## TO DO
Copy each line below word for word and drop every image.

## RECORDS PROVIDED
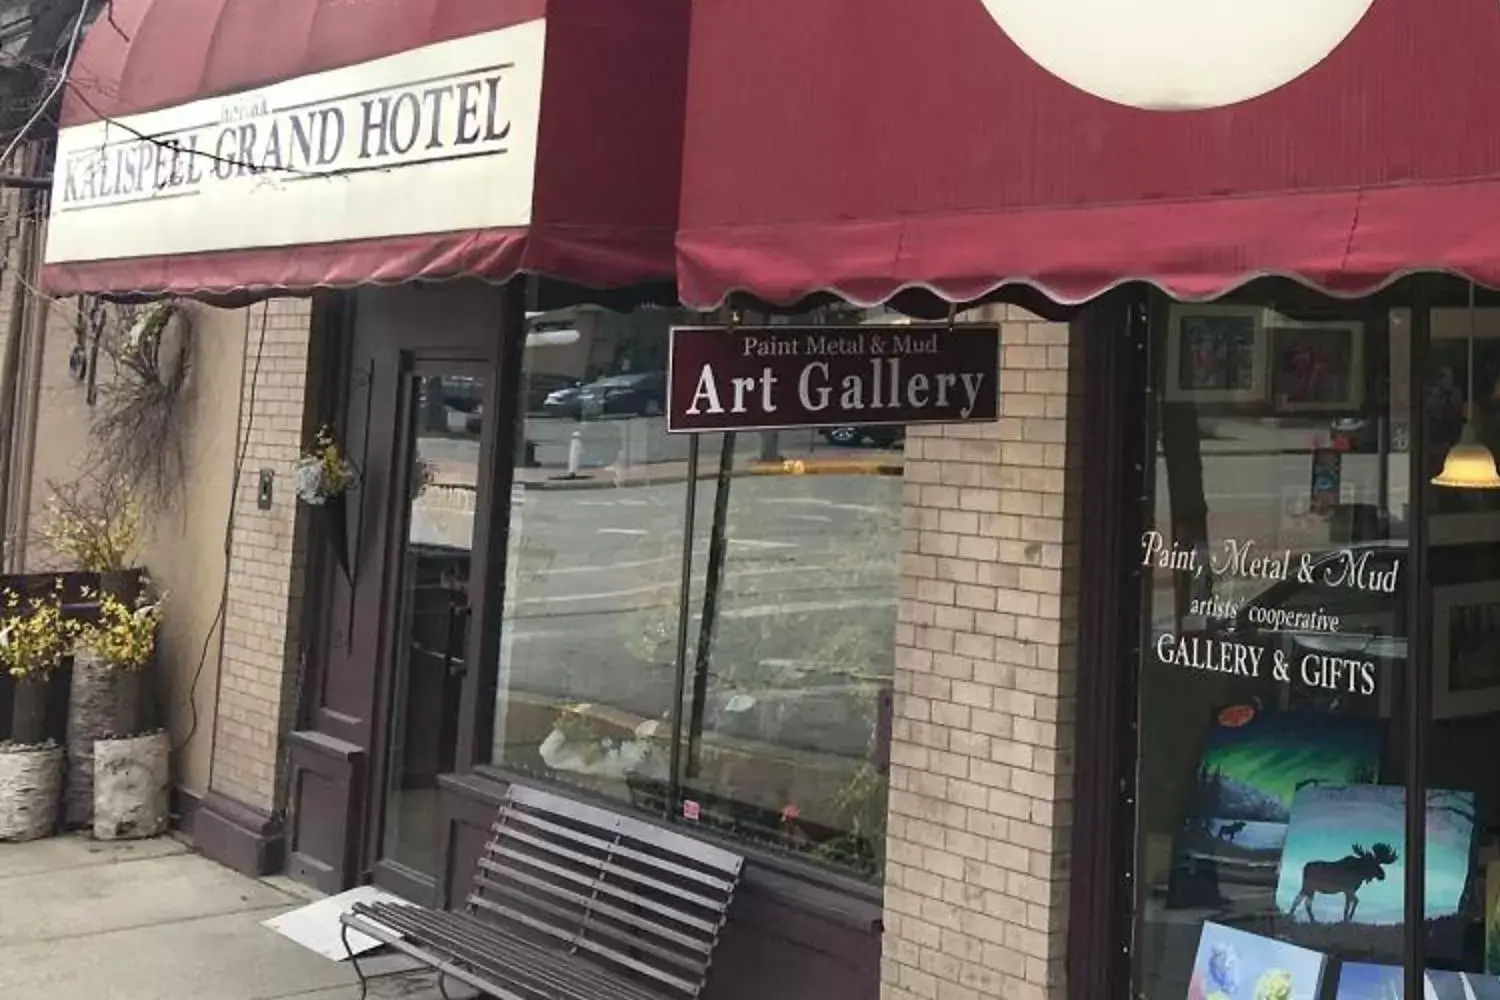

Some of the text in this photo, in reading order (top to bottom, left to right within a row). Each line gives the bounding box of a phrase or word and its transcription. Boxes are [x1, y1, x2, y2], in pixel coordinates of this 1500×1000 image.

[64, 76, 511, 203] KALISPELL GRAND HOTEL
[744, 333, 938, 357] Paint Metal & Mud
[685, 357, 985, 420] Art Gallery
[1141, 531, 1399, 593] Paint, Metal & Mud
[1190, 596, 1339, 633] artists' cooperative
[1157, 633, 1375, 695] GALLERY & GIFTS
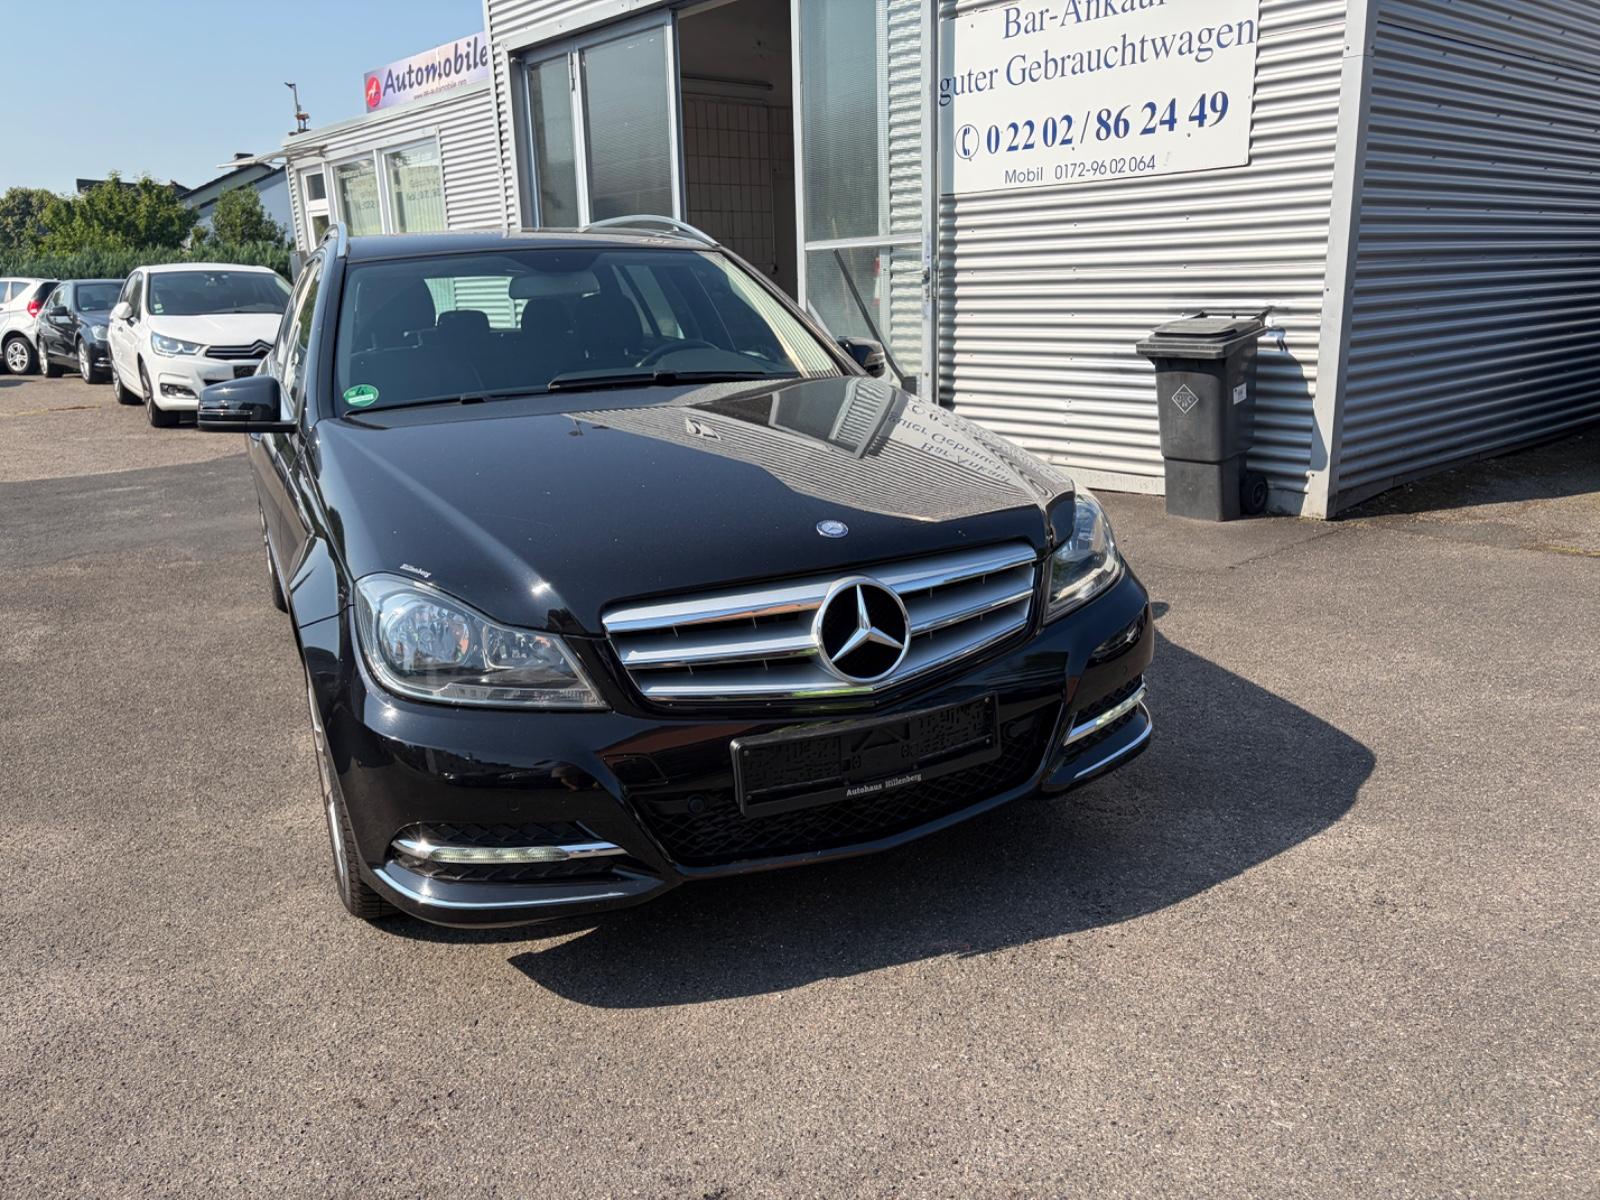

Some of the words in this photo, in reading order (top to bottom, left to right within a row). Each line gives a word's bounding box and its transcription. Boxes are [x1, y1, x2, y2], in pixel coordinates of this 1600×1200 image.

[938, 68, 998, 107] guter
[1005, 18, 1255, 87] Gebrauchtwagen
[1004, 166, 1043, 184] Mobil
[846, 783, 882, 797] Autohaus

## EXERCISE RESPONSE
Some of the text in this photo, in reading order (top to bottom, left to right within a row). Each line gives the bounding box of a phrase or word and its transcription. Boxes are [x1, y1, x2, y2], in pixel coordinates of this 1500×1000 image.

[64, 76, 511, 203] KALISPELL GRAND HOTEL
[744, 333, 938, 357] Paint Metal & Mud
[685, 357, 985, 420] Art Gallery
[1141, 531, 1399, 593] Paint, Metal & Mud
[1190, 596, 1339, 633] artists' cooperative
[1157, 633, 1375, 695] GALLERY & GIFTS

Some of the words in this photo, in reading order (top to bottom, left to right within a row). Each line gives a word's bounding box and its transcription. Boxes are [x1, y1, x2, y2], in pixel coordinates of this 1600×1200 image.

[938, 68, 998, 107] guter
[1005, 18, 1255, 87] Gebrauchtwagen
[1004, 166, 1043, 184] Mobil
[846, 783, 882, 797] Autohaus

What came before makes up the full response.